◆ **AIM OF THE EXERCISE**:
The full data must be written out exactly, with every line included.

MATERIAL FOR THE TASK START

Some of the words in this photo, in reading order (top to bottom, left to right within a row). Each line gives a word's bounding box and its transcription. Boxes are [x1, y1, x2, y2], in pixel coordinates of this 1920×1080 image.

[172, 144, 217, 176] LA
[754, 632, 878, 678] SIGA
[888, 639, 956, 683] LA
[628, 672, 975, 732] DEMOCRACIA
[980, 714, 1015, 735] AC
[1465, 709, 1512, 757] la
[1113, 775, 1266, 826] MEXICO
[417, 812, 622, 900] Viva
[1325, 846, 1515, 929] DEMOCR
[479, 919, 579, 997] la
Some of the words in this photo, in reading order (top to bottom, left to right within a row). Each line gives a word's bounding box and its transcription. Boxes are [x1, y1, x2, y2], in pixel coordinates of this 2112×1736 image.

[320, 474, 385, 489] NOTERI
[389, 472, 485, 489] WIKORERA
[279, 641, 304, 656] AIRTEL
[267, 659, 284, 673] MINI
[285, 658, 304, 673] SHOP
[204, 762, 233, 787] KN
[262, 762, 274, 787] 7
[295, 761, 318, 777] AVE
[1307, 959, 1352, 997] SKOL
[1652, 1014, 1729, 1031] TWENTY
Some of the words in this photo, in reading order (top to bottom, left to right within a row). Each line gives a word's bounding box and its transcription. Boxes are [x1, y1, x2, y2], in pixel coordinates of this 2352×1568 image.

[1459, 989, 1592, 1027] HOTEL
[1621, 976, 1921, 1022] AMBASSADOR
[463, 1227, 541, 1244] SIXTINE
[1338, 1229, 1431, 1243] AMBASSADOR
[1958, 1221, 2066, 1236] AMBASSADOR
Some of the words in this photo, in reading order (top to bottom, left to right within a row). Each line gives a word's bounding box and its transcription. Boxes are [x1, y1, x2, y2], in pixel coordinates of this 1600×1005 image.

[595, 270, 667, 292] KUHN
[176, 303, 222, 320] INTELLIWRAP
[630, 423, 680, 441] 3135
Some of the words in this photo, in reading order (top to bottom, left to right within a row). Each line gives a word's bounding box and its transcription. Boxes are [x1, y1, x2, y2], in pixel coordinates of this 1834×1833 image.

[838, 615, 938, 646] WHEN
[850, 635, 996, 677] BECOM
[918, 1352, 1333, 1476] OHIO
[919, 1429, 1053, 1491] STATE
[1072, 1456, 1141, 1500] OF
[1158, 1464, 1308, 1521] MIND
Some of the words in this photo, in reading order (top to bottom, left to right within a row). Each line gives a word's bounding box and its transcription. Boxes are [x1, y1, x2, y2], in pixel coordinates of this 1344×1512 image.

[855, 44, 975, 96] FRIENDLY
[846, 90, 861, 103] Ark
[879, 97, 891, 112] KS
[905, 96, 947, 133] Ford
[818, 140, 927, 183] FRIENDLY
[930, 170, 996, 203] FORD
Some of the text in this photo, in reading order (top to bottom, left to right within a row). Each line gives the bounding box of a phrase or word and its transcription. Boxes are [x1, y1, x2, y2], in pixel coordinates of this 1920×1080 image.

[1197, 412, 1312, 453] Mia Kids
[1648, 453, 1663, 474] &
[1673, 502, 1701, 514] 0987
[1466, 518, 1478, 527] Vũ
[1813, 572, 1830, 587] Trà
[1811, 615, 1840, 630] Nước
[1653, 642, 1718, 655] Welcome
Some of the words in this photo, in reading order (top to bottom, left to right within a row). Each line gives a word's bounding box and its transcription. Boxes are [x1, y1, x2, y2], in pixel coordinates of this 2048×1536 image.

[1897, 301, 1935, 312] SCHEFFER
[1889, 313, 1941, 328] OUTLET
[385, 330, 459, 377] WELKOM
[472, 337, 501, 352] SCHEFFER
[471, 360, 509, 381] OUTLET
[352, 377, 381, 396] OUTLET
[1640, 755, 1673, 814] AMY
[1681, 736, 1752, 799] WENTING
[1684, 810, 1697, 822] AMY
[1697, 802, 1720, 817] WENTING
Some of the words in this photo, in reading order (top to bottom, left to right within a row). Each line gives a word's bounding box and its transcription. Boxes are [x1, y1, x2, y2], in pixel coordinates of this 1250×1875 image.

MATERIAL FOR THE TASK END

◆ **WRITTEN SOLUTION**:
Some of the words in this photo, in reading order (top to bottom, left to right within a row). Each line gives a word's bounding box and its transcription. Boxes are [x1, y1, x2, y2], in pixel coordinates of this 1920×1080 image.

[172, 144, 217, 176] LA
[754, 632, 878, 678] SIGA
[888, 639, 956, 683] LA
[628, 672, 975, 732] DEMOCRACIA
[980, 714, 1015, 735] AC
[1465, 709, 1512, 757] la
[1113, 775, 1266, 826] MEXICO
[417, 812, 622, 900] Viva
[1325, 846, 1515, 929] DEMOCR
[479, 919, 579, 997] la
Some of the words in this photo, in reading order (top to bottom, left to right within a row). Each line gives a word's bounding box and its transcription. Boxes are [x1, y1, x2, y2], in pixel coordinates of this 2112×1736 image.

[320, 474, 385, 489] NOTERI
[389, 472, 485, 489] WIKORERA
[279, 641, 304, 656] AIRTEL
[267, 659, 284, 673] MINI
[285, 658, 304, 673] SHOP
[204, 762, 233, 787] KN
[262, 762, 274, 787] 7
[295, 761, 318, 777] AVE
[1307, 959, 1352, 997] SKOL
[1652, 1014, 1729, 1031] TWENTY
Some of the words in this photo, in reading order (top to bottom, left to right within a row). Each line gives a word's bounding box and its transcription. Boxes are [x1, y1, x2, y2], in pixel coordinates of this 2352×1568 image.

[1459, 989, 1592, 1027] HOTEL
[1621, 976, 1921, 1022] AMBASSADOR
[463, 1227, 541, 1244] SIXTINE
[1338, 1229, 1431, 1243] AMBASSADOR
[1958, 1221, 2066, 1236] AMBASSADOR
Some of the words in this photo, in reading order (top to bottom, left to right within a row). Each line gives a word's bounding box and its transcription. Boxes are [x1, y1, x2, y2], in pixel coordinates of this 1600×1005 image.

[595, 270, 667, 292] KUHN
[176, 303, 222, 320] INTELLIWRAP
[630, 423, 680, 441] 3135
Some of the words in this photo, in reading order (top to bottom, left to right within a row). Each line gives a word's bounding box and its transcription. Boxes are [x1, y1, x2, y2], in pixel coordinates of this 1834×1833 image.

[838, 615, 938, 646] WHEN
[850, 635, 996, 677] BECOM
[918, 1352, 1333, 1476] OHIO
[919, 1429, 1053, 1491] STATE
[1072, 1456, 1141, 1500] OF
[1158, 1464, 1308, 1521] MIND
Some of the words in this photo, in reading order (top to bottom, left to right within a row). Each line gives a word's bounding box and its transcription. Boxes are [x1, y1, x2, y2], in pixel coordinates of this 1344×1512 image.

[855, 44, 975, 96] FRIENDLY
[846, 90, 861, 103] Ark
[879, 97, 891, 112] KS
[905, 96, 947, 133] Ford
[818, 140, 927, 183] FRIENDLY
[930, 170, 996, 203] FORD
Some of the text in this photo, in reading order (top to bottom, left to right within a row). Each line gives the bounding box of a phrase or word and its transcription. Boxes are [x1, y1, x2, y2], in pixel coordinates of this 1920×1080 image.

[1197, 412, 1312, 453] Mia Kids
[1648, 453, 1663, 474] &
[1673, 502, 1701, 514] 0987
[1466, 518, 1478, 527] Vũ
[1813, 572, 1830, 587] Trà
[1811, 615, 1840, 630] Nước
[1653, 642, 1718, 655] Welcome
Some of the words in this photo, in reading order (top to bottom, left to right within a row). Each line gives a word's bounding box and its transcription. Boxes are [x1, y1, x2, y2], in pixel coordinates of this 2048×1536 image.

[1897, 301, 1935, 312] SCHEFFER
[1889, 313, 1941, 328] OUTLET
[385, 330, 459, 377] WELKOM
[472, 337, 501, 352] SCHEFFER
[471, 360, 509, 381] OUTLET
[352, 377, 381, 396] OUTLET
[1640, 755, 1673, 814] AMY
[1681, 736, 1752, 799] WENTING
[1684, 810, 1697, 822] AMY
[1697, 802, 1720, 817] WENTING
Some of the words in this photo, in reading order (top to bottom, left to right within a row). Each line gives a word's bounding box and its transcription. Boxes are [x1, y1, x2, y2], in pixel coordinates of this 1250×1875 image.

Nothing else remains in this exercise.